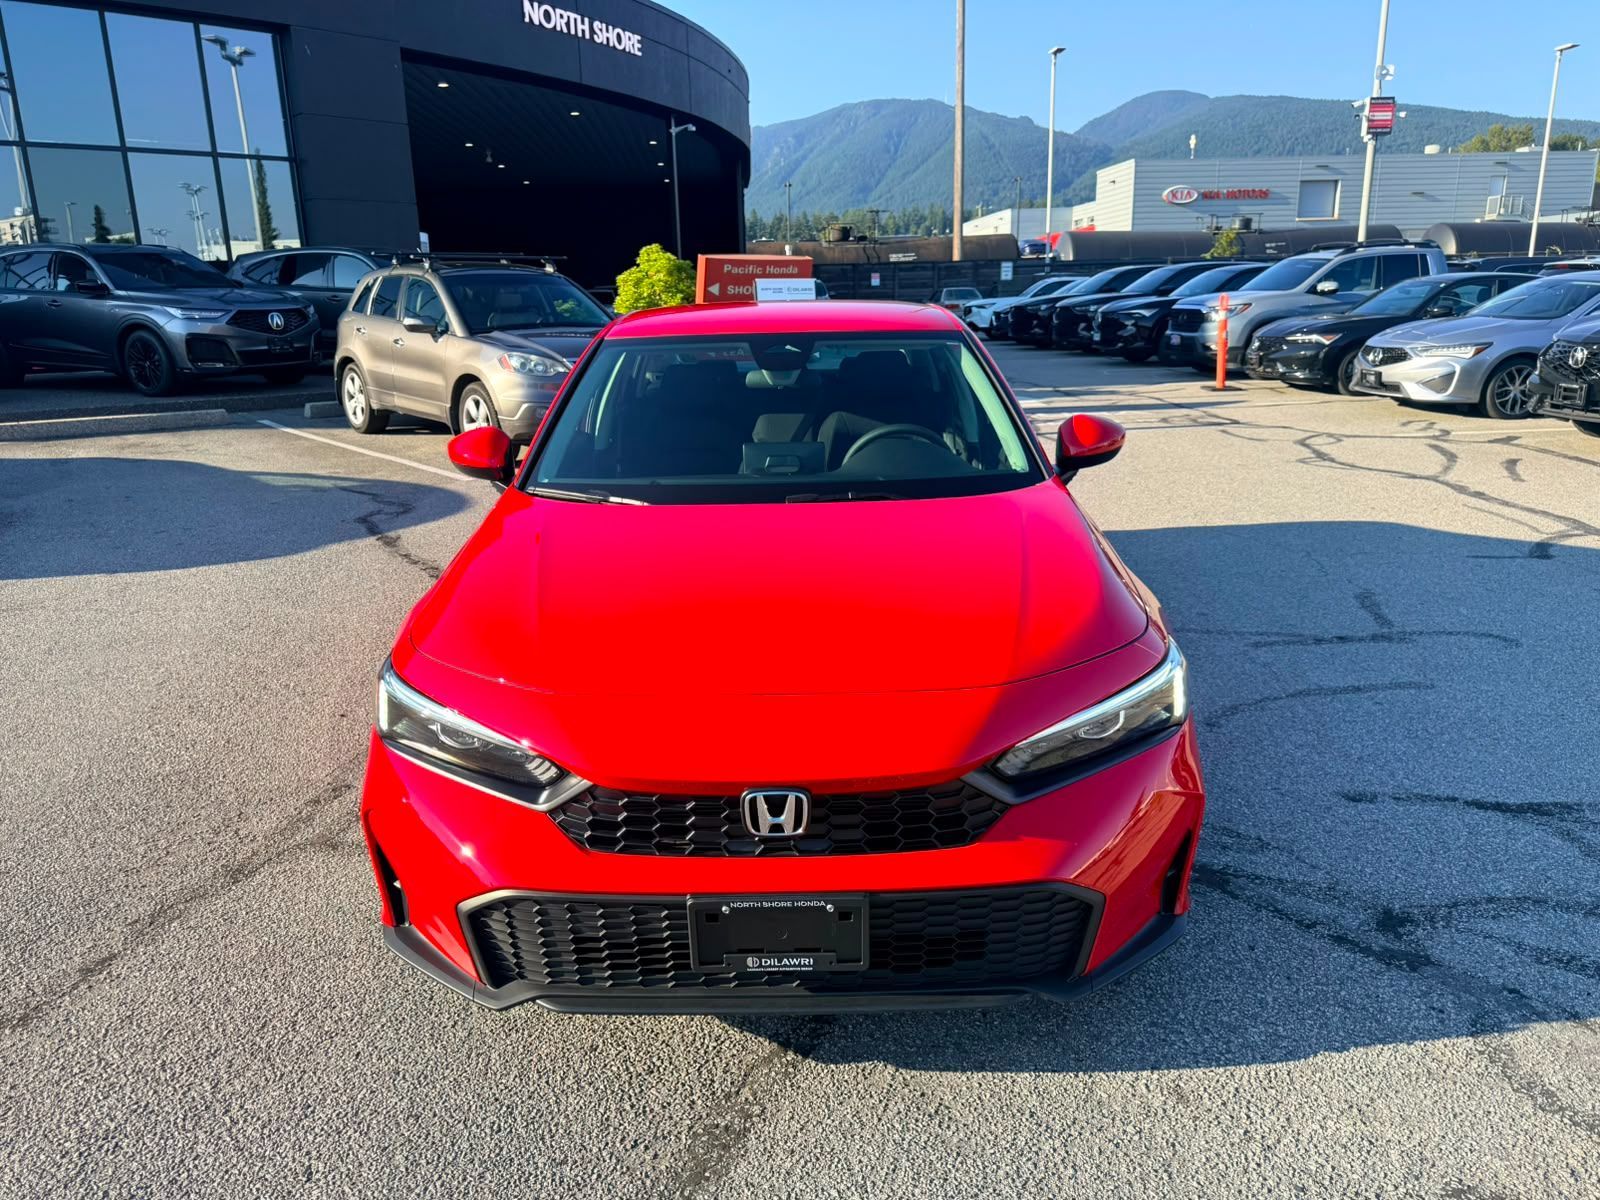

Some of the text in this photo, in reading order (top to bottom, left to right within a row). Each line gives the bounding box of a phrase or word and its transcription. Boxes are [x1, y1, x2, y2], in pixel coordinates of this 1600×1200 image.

[522, 0, 642, 56] NORTH SHORE
[724, 264, 798, 274] Pacific Honda
[727, 285, 754, 295] SHO
[730, 900, 826, 909] NORTH SHORE HONDA
[761, 957, 814, 966] DILAWRI
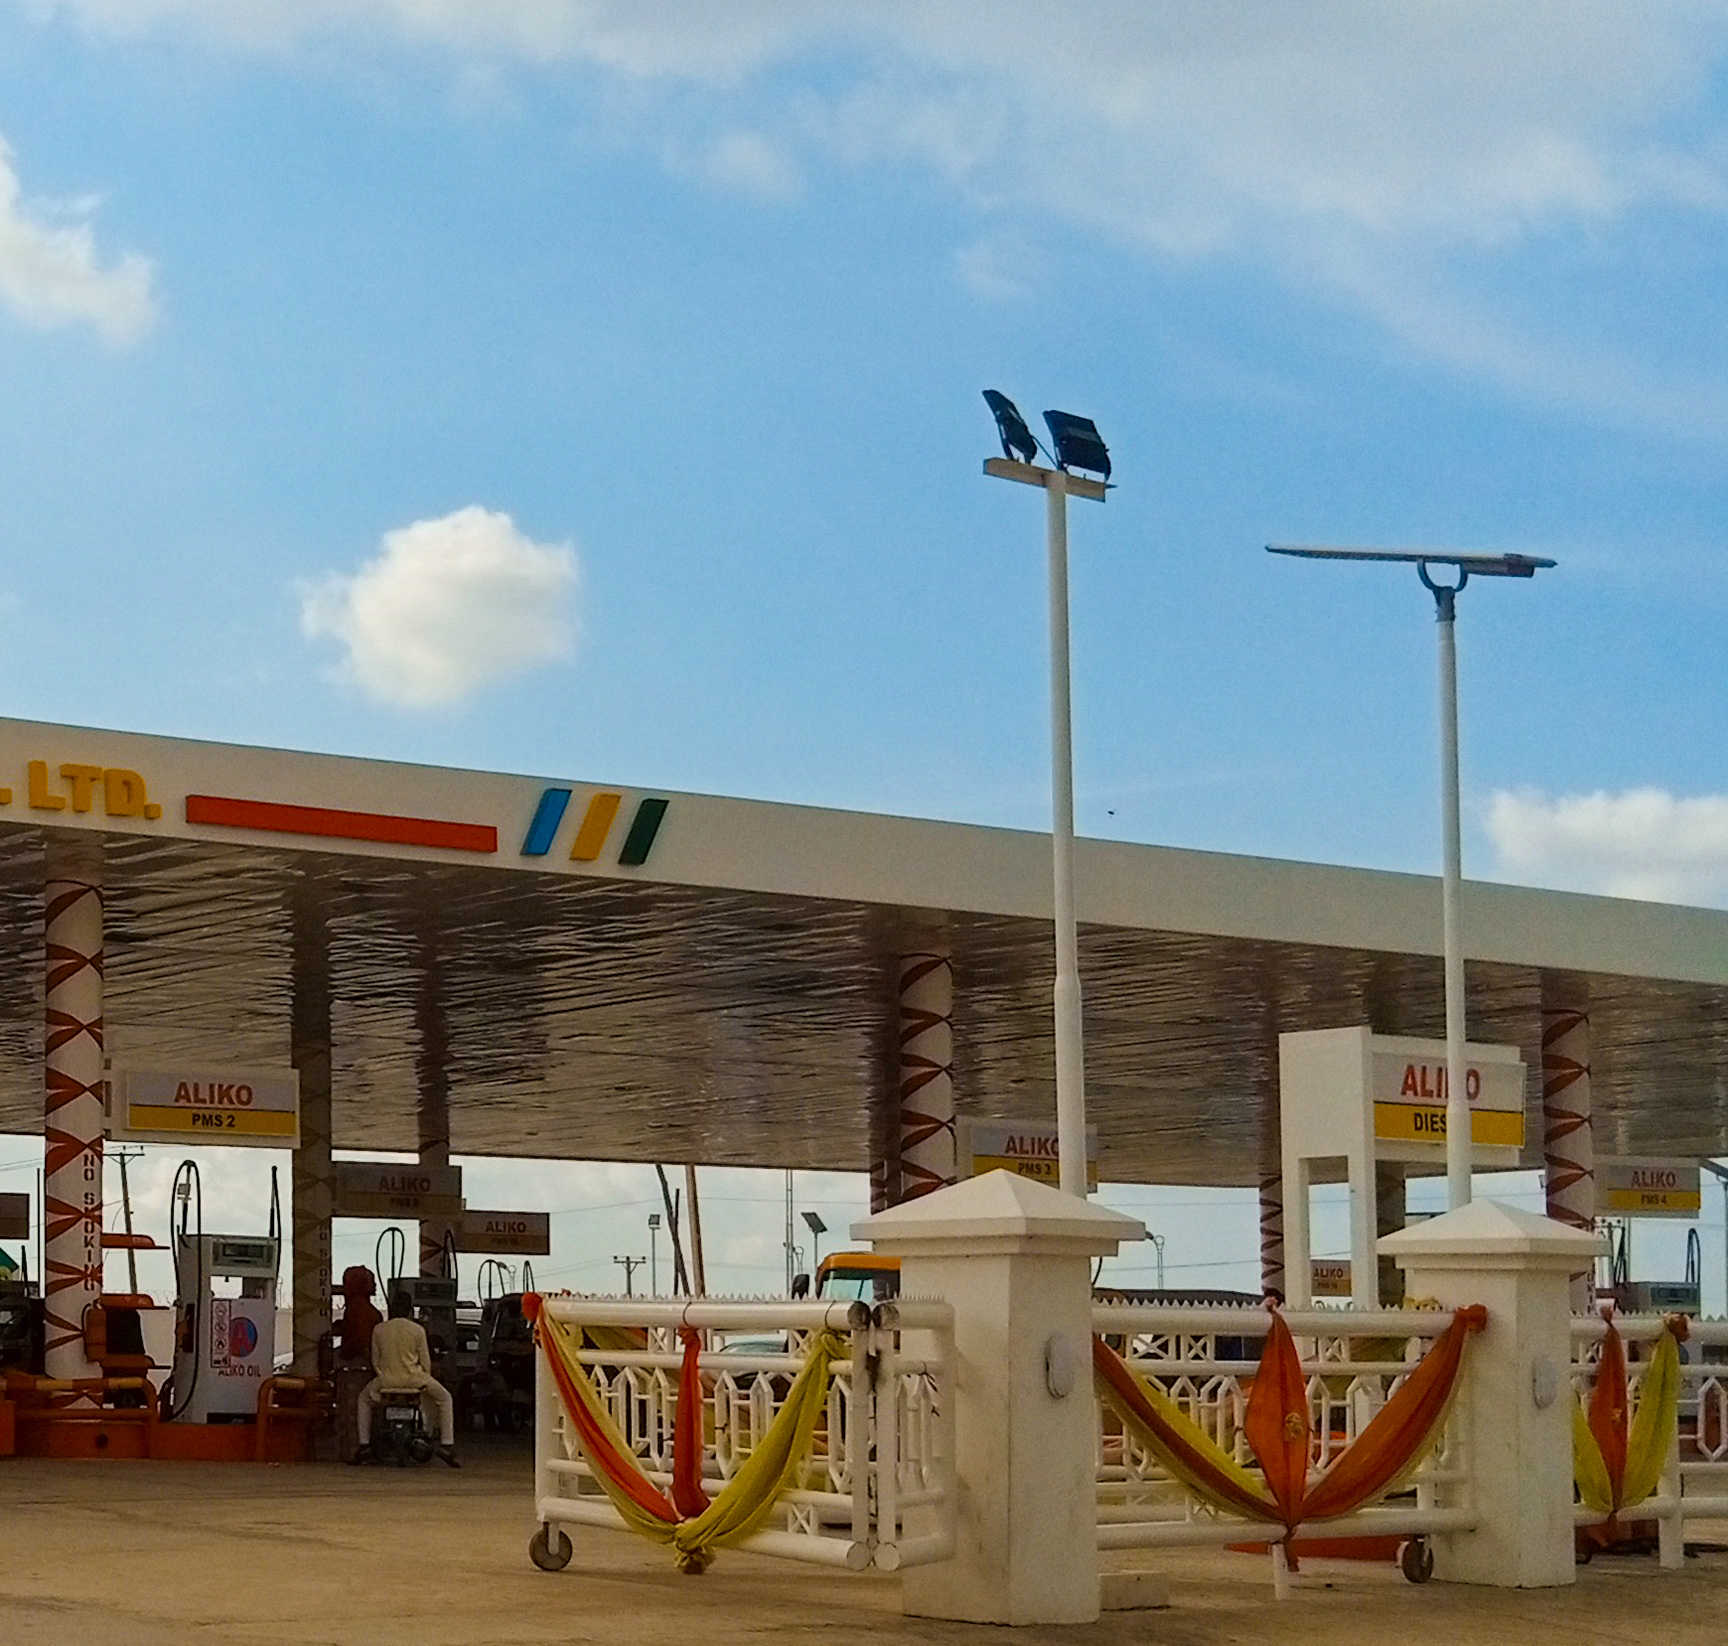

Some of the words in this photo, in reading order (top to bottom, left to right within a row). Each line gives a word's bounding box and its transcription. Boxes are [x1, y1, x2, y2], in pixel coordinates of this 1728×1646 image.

[28, 760, 161, 819] LTD.
[1400, 1064, 1481, 1100] ALIO
[173, 1081, 254, 1106] ALIKO
[192, 1113, 223, 1127] PMS
[226, 1114, 236, 1127] 2
[1414, 1112, 1447, 1133] DIES
[83, 1154, 95, 1181] NO
[1018, 1162, 1043, 1175] PMS
[1045, 1163, 1051, 1175] 3
[378, 1175, 431, 1192] ALIKO
[1631, 1170, 1677, 1188] ALIKO
[485, 1220, 527, 1234] ALIKO
[1313, 1267, 1344, 1279] ALIKO
[319, 1248, 329, 1317] SOKIG
[218, 1364, 245, 1377] ALIKO
[247, 1365, 262, 1377] OIL
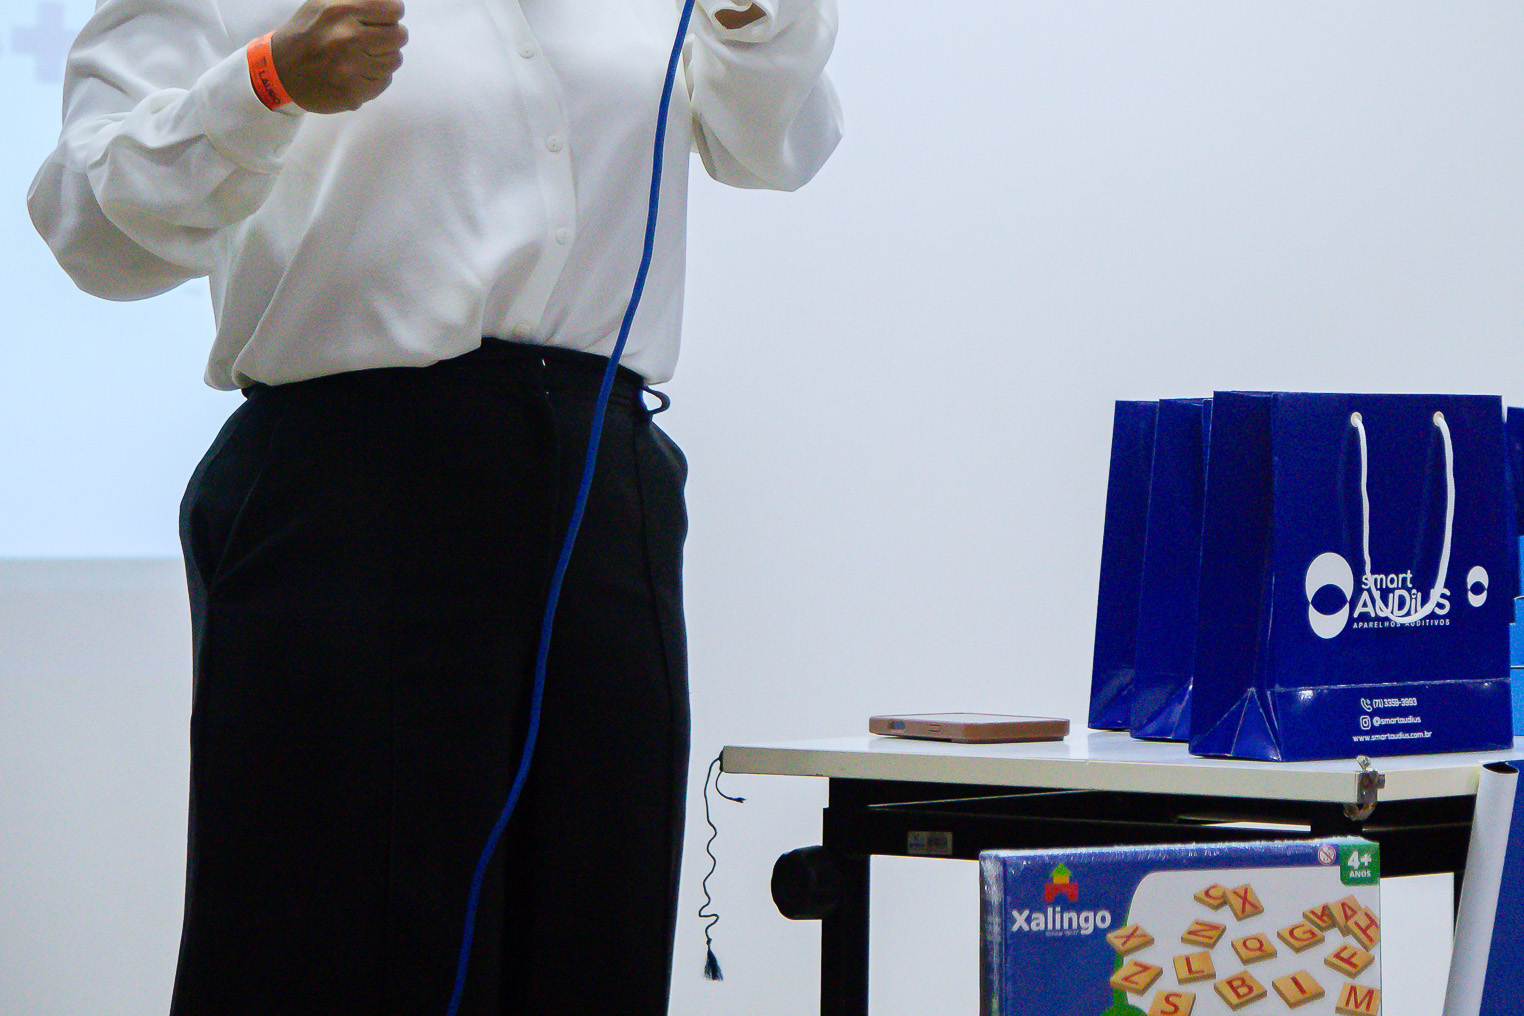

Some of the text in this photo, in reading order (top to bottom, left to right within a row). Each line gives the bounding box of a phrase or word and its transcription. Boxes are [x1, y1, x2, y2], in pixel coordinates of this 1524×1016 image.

[1361, 569, 1413, 589] smart
[1353, 621, 1401, 629] APARELHOS
[1373, 715, 1422, 727] @smartaudius
[1352, 730, 1432, 742] www.smartaudius.com.br
[1347, 850, 1372, 870] 4+
[1349, 869, 1372, 878] ANOS
[1011, 906, 1112, 935] Xalingo
──────────
_TASK GOAL_
Reproduce the entries above without change, omitting all pictures.

_TASK RESULT_
Some of the text in this photo, in reading order (top to bottom, left to right within a row). Each line gives the bounding box of a phrase or word and its transcription. Boxes are [x1, y1, x2, y2], in pixel coordinates of this 1600×1200 image.

[522, 0, 642, 56] NORTH SHORE
[724, 264, 798, 274] Pacific Honda
[727, 285, 754, 295] SHO
[730, 900, 826, 909] NORTH SHORE HONDA
[761, 957, 814, 966] DILAWRI

Some of the words in this photo, in reading order (top to bottom, left to right within a row). Each line gives a word's bounding box and its transcription. Boxes are [x1, y1, x2, y2], in pixel coordinates of this 1728×1646 image.

[28, 760, 161, 819] LTD.
[1400, 1064, 1481, 1100] ALIO
[173, 1081, 254, 1106] ALIKO
[192, 1113, 223, 1127] PMS
[226, 1114, 236, 1127] 2
[1414, 1112, 1447, 1133] DIES
[83, 1154, 95, 1181] NO
[1018, 1162, 1043, 1175] PMS
[1045, 1163, 1051, 1175] 3
[378, 1175, 431, 1192] ALIKO
[1631, 1170, 1677, 1188] ALIKO
[485, 1220, 527, 1234] ALIKO
[1313, 1267, 1344, 1279] ALIKO
[319, 1248, 329, 1317] SOKIG
[218, 1364, 245, 1377] ALIKO
[247, 1365, 262, 1377] OIL

Some of the text in this photo, in reading order (top to bottom, left to right within a row). Each line gives the bounding box of a phrase or word and its transcription. Boxes are [x1, y1, x2, y2], in pixel coordinates of this 1524×1016 image.

[1361, 569, 1413, 589] smart
[1353, 621, 1401, 629] APARELHOS
[1373, 715, 1422, 727] @smartaudius
[1352, 730, 1432, 742] www.smartaudius.com.br
[1347, 850, 1372, 870] 4+
[1349, 869, 1372, 878] ANOS
[1011, 906, 1112, 935] Xalingo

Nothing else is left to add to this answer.